Most recently, physicians and nurses caring for pediatric patients also told interviewers that in practice, DNR means far more than just do not perform CPR. In this survey of 107 pediatricians and 159 pediatric nurses in a hospital setting, 67% believed a DNR order only applies to what to do after a cardiac arrest—but 33% said it implied other limitations. And 52% said that once a DNR order is in place,  a whole host of diagnostic and therapeutic interventions should be withdrawn, over and beyond CPR, and a small but disturbing minority, 6%, said that a DNR order means that comfort measures only are to be provided. 

Why, so many years after the concept of DNR was introduced, does it remain so problematic? I think both patients and physicians implicitly recognize that asking about CPR is simply the wrong question—that’s why they assume DNR refers to so much more than what doctors should do if the heart stops beating. The right question has to do with figuring out what it is that medical treatment is supposed to achieve. Is it prolonging life at any cost? Is it providing comfort and dignity? Or is it something in between, preserving those basic functions such as walking and talking and seeing and hearing that a person values most?
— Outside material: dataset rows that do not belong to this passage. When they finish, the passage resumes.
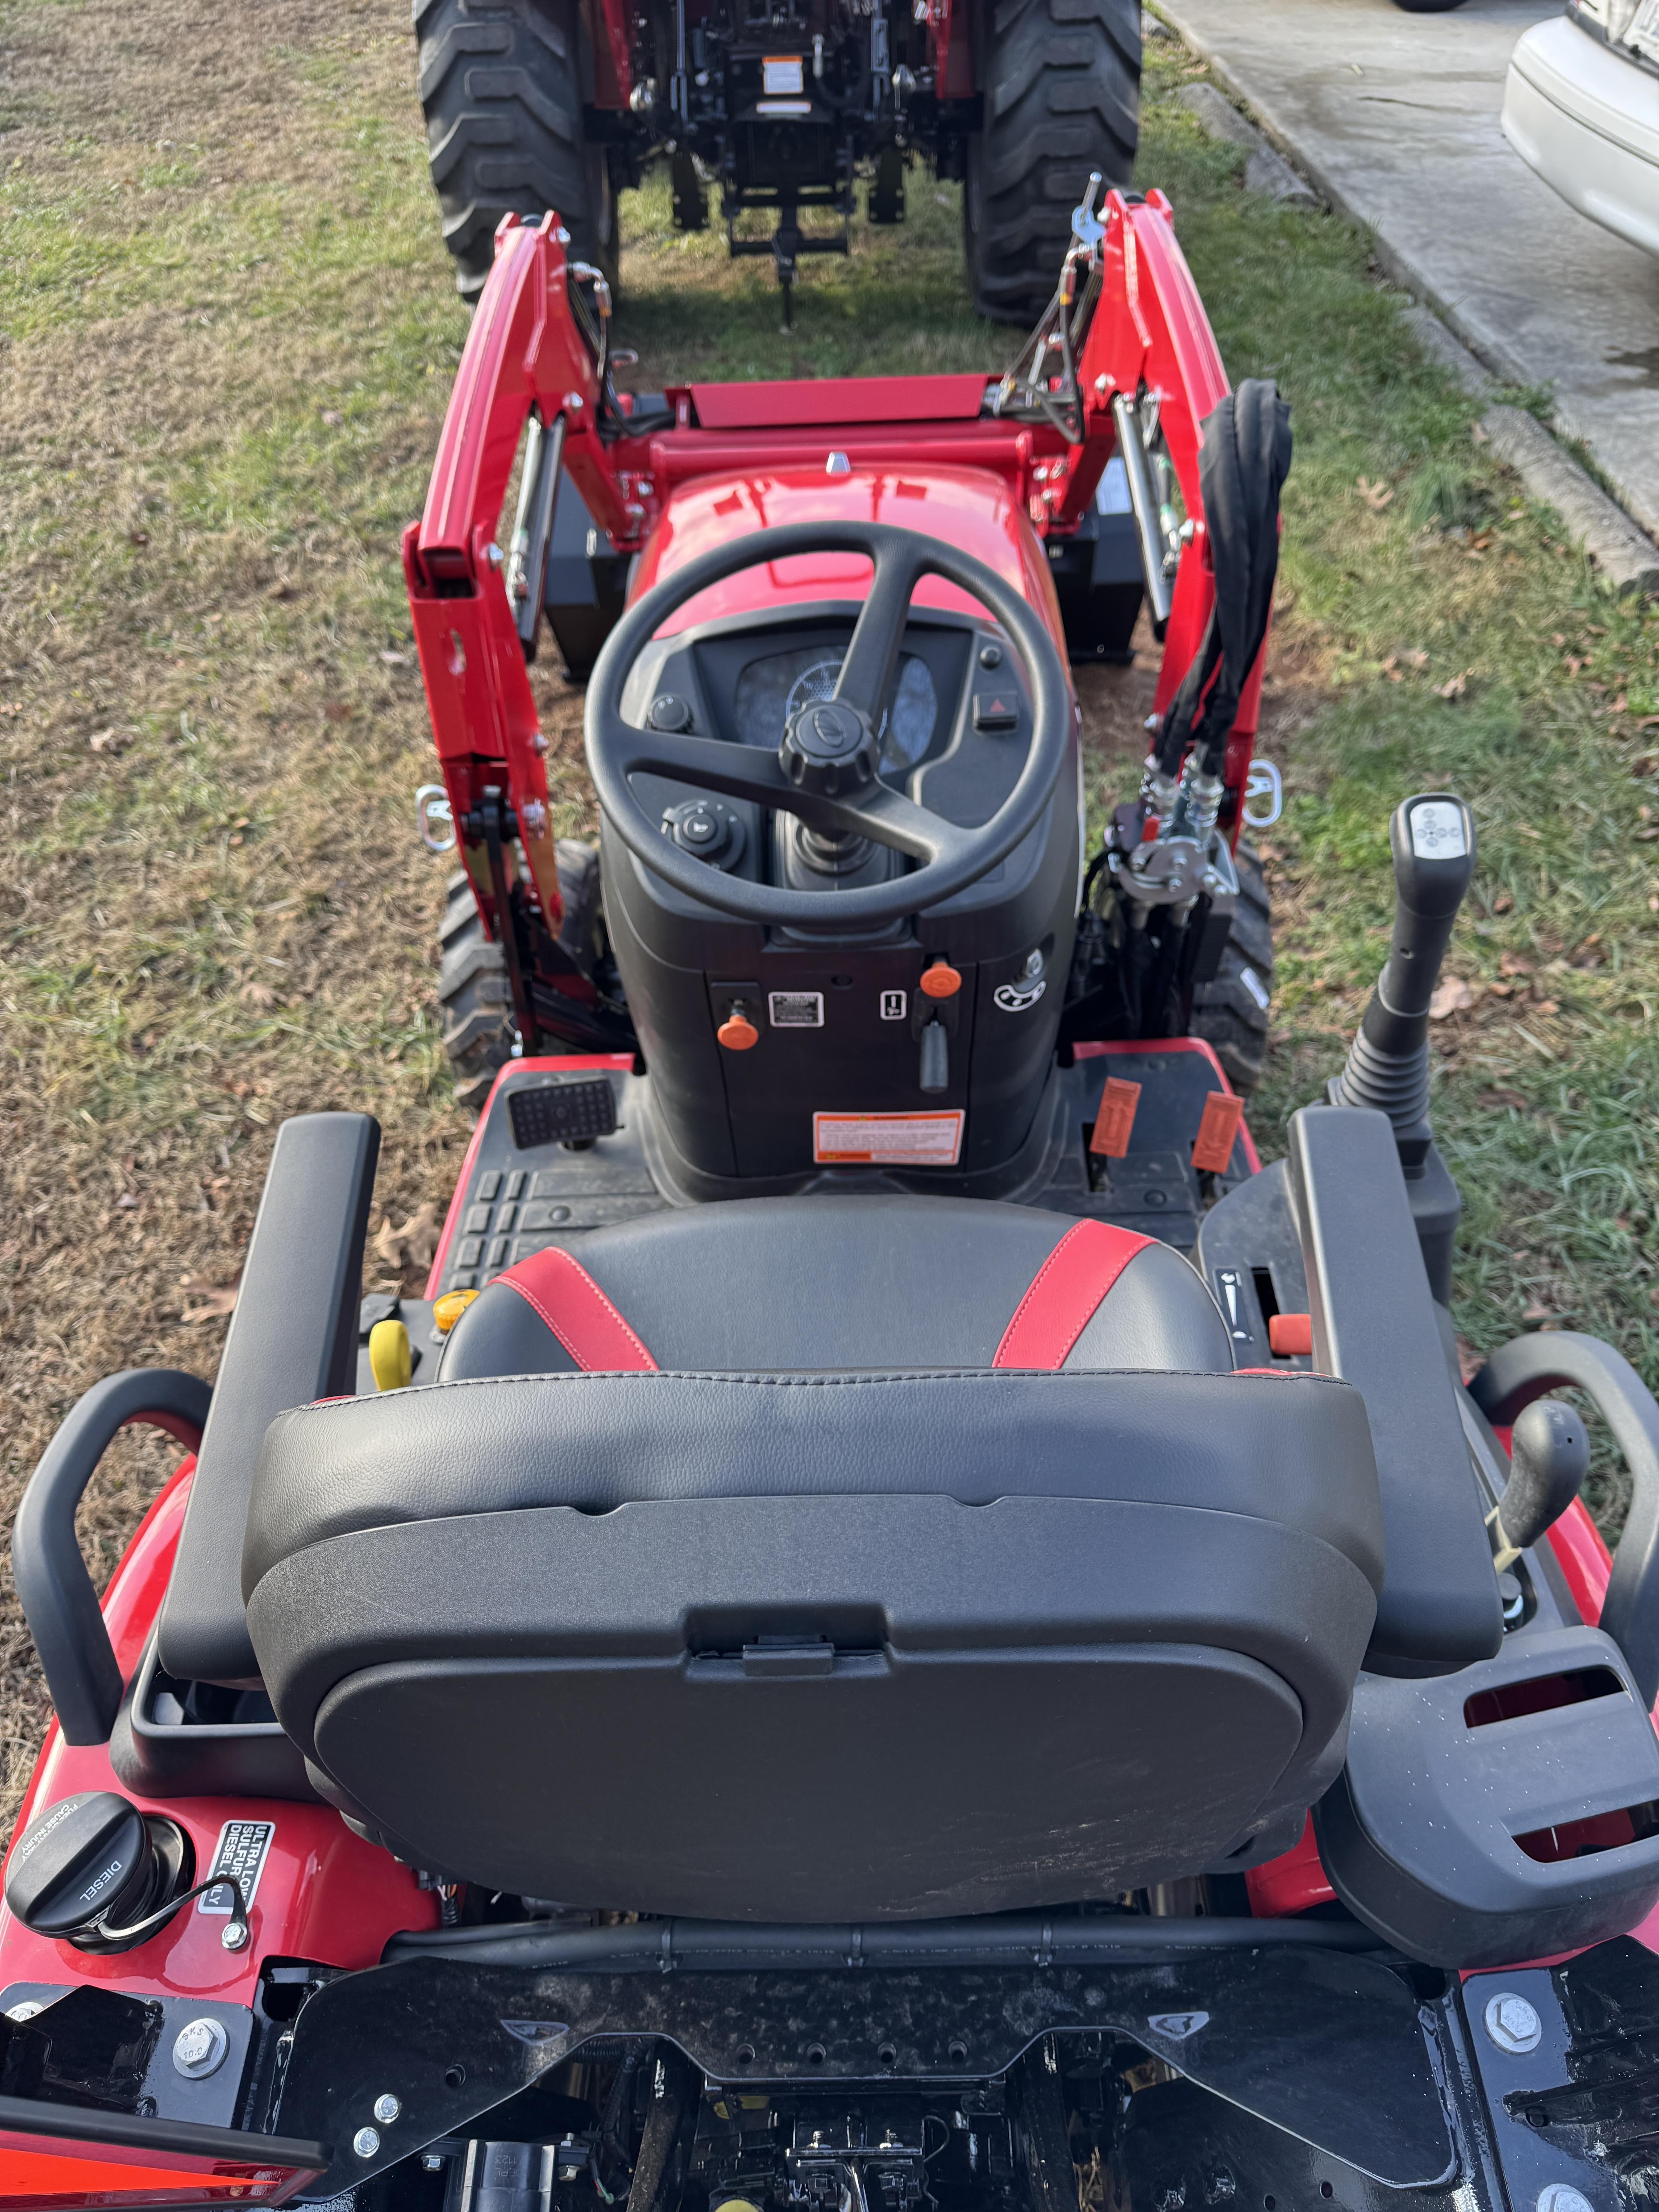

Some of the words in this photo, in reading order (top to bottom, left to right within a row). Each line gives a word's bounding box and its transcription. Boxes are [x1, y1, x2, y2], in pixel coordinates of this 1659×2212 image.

[45, 1804, 70, 1829] CAUSE
[22, 1827, 46, 1853] INJURY
[219, 1825, 242, 1868] DIESEL
[229, 1825, 254, 1876] SULFUR
[245, 1826, 267, 1867] ULTRA
[79, 1860, 122, 1901] DIESEL
[182, 2027, 203, 2040] SKS
Only after defining the overall goal of care does it make sense to focus on delineating the specific treatments that are most consistent with achieving those goals. 
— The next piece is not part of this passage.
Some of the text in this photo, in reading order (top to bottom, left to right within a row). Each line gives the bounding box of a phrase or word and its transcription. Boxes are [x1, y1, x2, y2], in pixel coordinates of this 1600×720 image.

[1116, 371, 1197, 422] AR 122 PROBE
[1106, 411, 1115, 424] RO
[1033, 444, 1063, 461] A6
An enormous amount of energy and ink have been squandered on debating about cardiopulmonary resuscitation, one of many possible medical treatments that seeks to achieve one of several possible medical goals. Maybe it’s time to pull the plug on DNR orders, banning them unless there is first a conversation about the overall direction of medical care. 

One approach to doing exactly this is POLST, Physician Orders for Life-Sustaining Treatment or, as it is called in some states, Medical Orders for the Scope of Treatment. This is a medical order, just like an order a doctor writes in a hospital for antibiotics or for blood tests; it is not just a wish statement about future care. It includes a list of specific interventions that a prospective patient has agreed are undesirable under any circumstances, and often includes CPR along with other treatments such as dialysis or artificial nutrition. But before a physician and patient agree on such an order, a conversation is supposed to take place about the goals of medical care. The problem is that it's far from clear that patients and doctors are having those discussions. They may simply be jumping to the final step, writing that order. POLST is a promising development, but only if at least as much time is spent on talking about the big picture as on its implementation.